Lenovo’s compensation policy for its directors and
senior management is to ensure that compensation is
aligned to support the Company’s strategy, attract and
retain top talent, reinforce the Company’s performance
driven culture, and reflects the market practices of other
leading international and IT-focused enterprises, with
particular focus on those who compete in the PC sector.
Non-Executive Directors
To ensure that non-executive directors are appropriately
remunerated, the Compensation Committee will engage
an independent international compensation consulting
firm to conduct an analysis of the compensation
package of non-executive directors and make
recommendation to the Board (comprising only executive
director) for approval. In making its recommendation,
the firm will also review other relevant factors such
as the time commitment, workload, job requirements
and responsibilities of the non-executive directors and
compare with those of the peers companies and general
industry.
The compensation of non-executive Directors is
comprised of an annual cash retainer equal to
US$80,000 (approximately HK$621,000) and an
annual award of Stock Appreciation Rights (SARs) and
Restricted Stock Units (RSUs) which can be settled
in either Lenovo shares or their cash equivalent upon
exercise. SARs and RSUs are subject to a three-year
vesting period and are otherwise subject to the same
terms and conditions of the SAR and RSU schemes
described below.
The Chairman of the Audit Committee also receives
an additional cash retainer equal to US$20,000
(approximately HK$156,000). The Chairman of the
Compensation Committee receives an additional cash
retainer of US$10,000 (approximately HK$78,000).

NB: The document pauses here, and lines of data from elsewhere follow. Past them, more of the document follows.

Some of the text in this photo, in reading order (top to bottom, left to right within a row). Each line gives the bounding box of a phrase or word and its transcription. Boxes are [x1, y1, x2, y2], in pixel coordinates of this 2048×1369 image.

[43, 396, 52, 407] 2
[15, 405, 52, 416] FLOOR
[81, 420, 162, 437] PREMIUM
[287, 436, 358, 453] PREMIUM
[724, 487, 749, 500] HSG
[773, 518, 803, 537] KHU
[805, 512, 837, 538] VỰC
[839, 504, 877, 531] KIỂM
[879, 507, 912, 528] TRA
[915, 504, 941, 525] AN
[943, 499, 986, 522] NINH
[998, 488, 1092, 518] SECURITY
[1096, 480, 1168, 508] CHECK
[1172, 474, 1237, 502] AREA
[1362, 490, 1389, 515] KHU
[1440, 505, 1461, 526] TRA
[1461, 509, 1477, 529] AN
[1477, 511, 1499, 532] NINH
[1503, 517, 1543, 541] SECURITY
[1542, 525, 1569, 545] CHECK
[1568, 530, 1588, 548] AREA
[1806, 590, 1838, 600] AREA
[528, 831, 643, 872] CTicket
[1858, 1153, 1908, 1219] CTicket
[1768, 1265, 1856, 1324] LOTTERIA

Details of the compensation of the non-executive
directors are included in note 11 to the financial
statements. SAR and RSU awards outstanding for non-
executive directors as of March 31, 2011 under this
scheme are presented below.
Chairman, Executive Director and Senior
Management
To ensure that Lenovo’s compensation reflects the
policy principles described above, the Compensation
Committee considers a number of relevant factors
including: salaries and total compensation paid by
comparable companies, job responsibilities and scope,
employment conditions elsewhere in the Company,
location and market practices, Company’s business
performance and individual performance.
Lenovo’s compensation structure for its employees,
including the Chairman of the Board, executive director
and senior management, is comprised of base salaries
and allowances, performance bonus, long-term
incentives, retirement benefits, and benefits in kind.

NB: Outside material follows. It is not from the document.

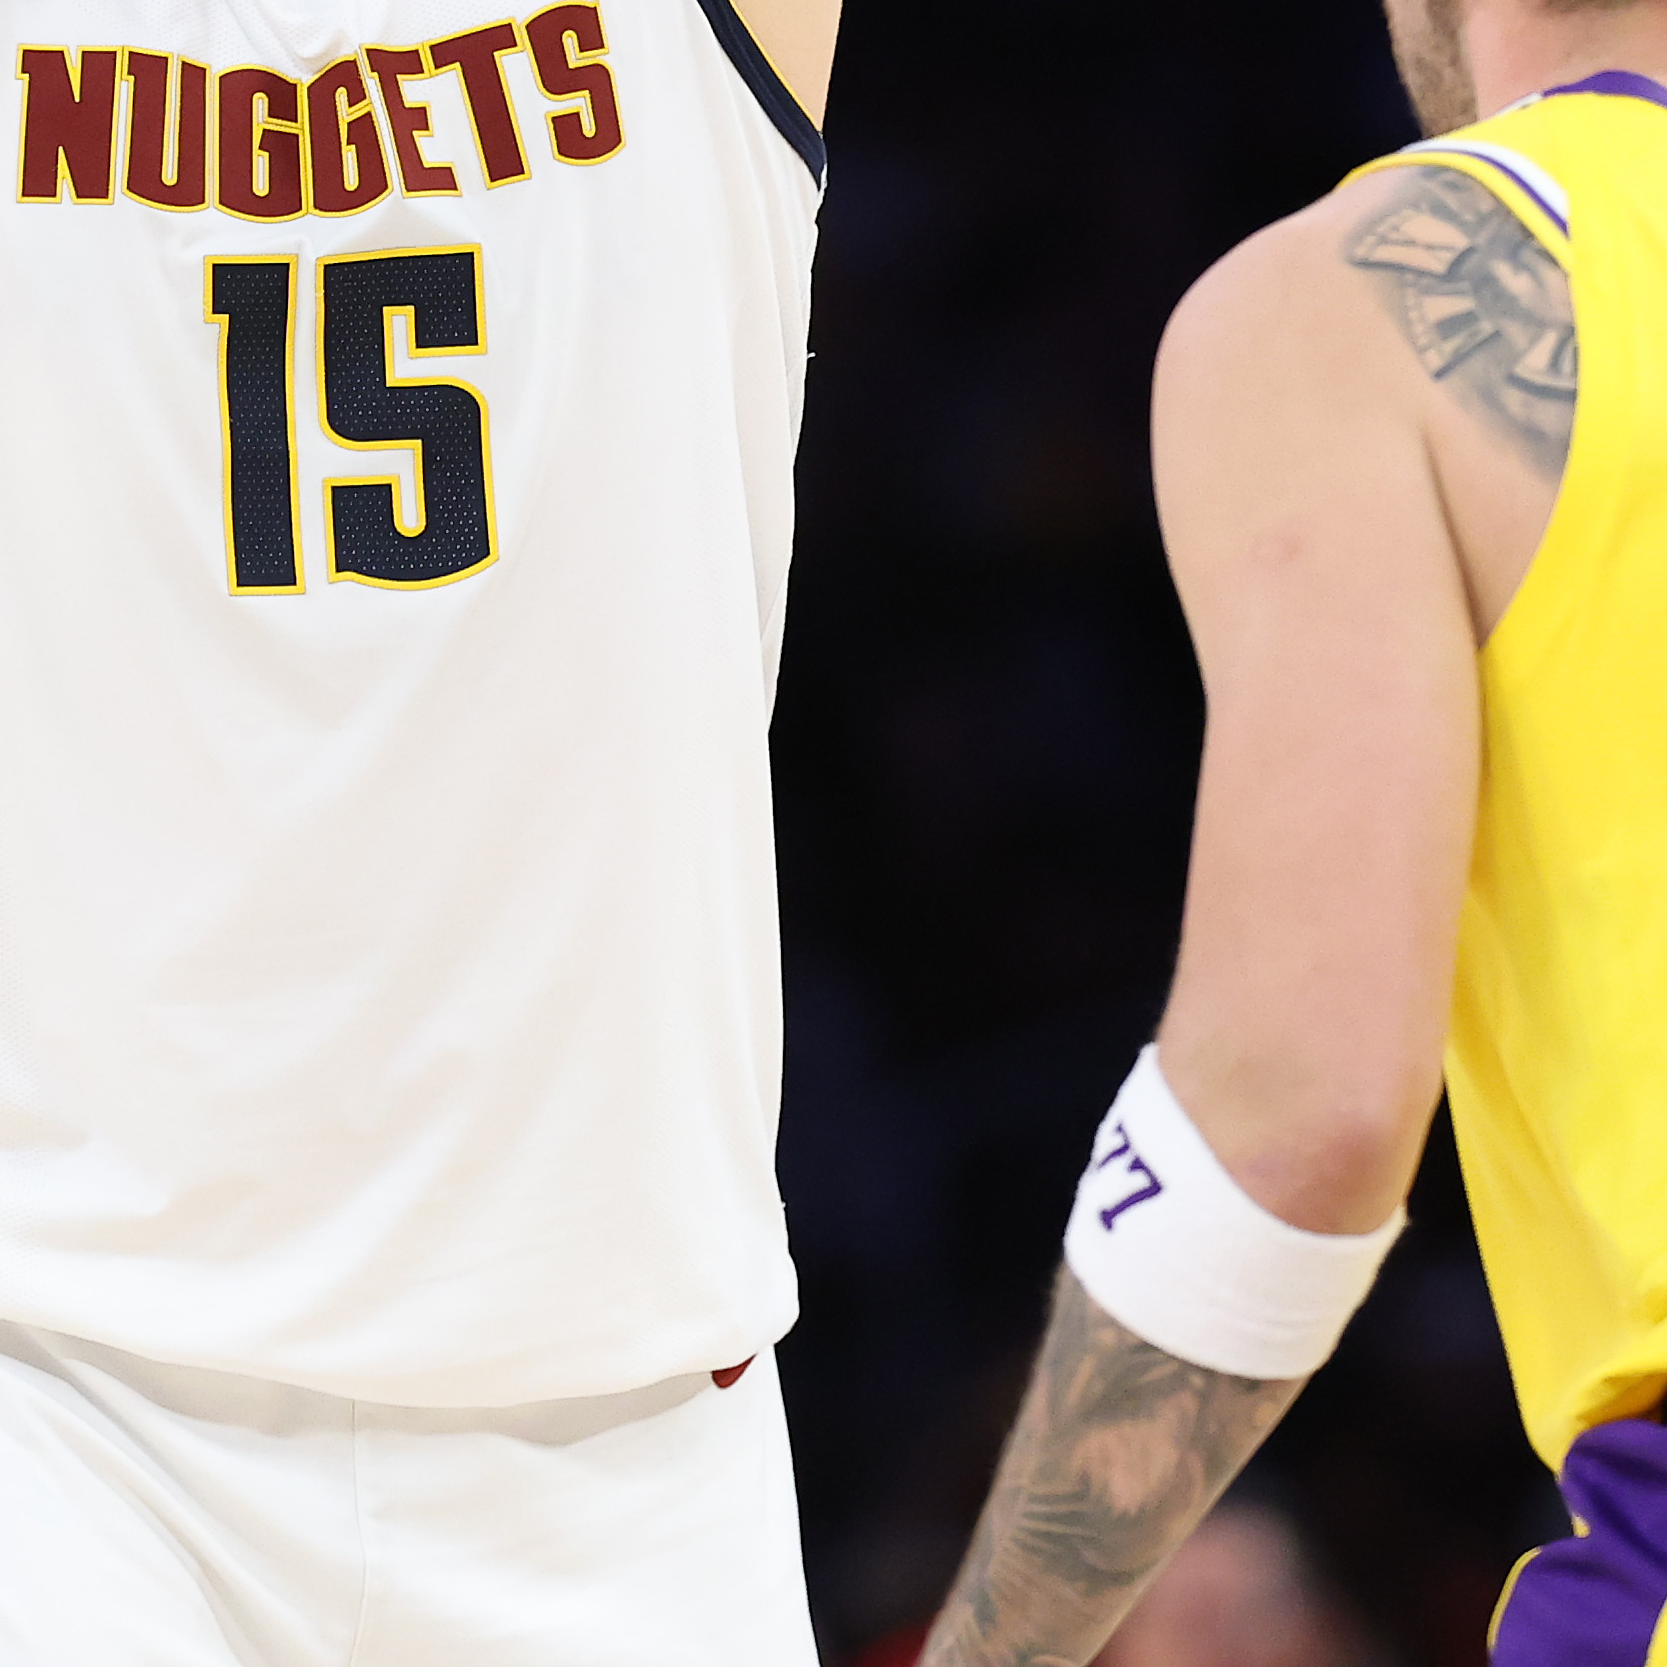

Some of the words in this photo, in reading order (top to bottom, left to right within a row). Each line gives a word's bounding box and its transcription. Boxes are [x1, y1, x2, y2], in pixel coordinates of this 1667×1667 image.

[15, 0, 626, 224] NUGGETS
[203, 243, 500, 596] 15
[1096, 1123, 1164, 1232] 77

These components are described in more detail below.
Fixed Compensation
Fixed compensation includes base salary, allowances
and benefits-in-kind (e.g. medical, dental and life
insurance, etc.). Base salary and allowances are set
and reviewed annually for each position, reflecting
competitive market positioning for comparable positions,
market practices, as well as the Company’s performance
and individual contribution to the business. Allowances
are also provided to facilitate temporary and permanent
staff relocations. Benefits-in-kind are reviewed regularly
taking into consideration relevant industry and local
market practices.
Performance Bonus
Chairman of the Board and CEO, as well as senior
management and selected employees of the Company
are eligible to receive a performance bonus payable in
cash. The amounts paid under the plan are based on
the performance of the Company and its subsidiaries,
performance groups and/or geographies as appropriate,
as well as the performance of the individual.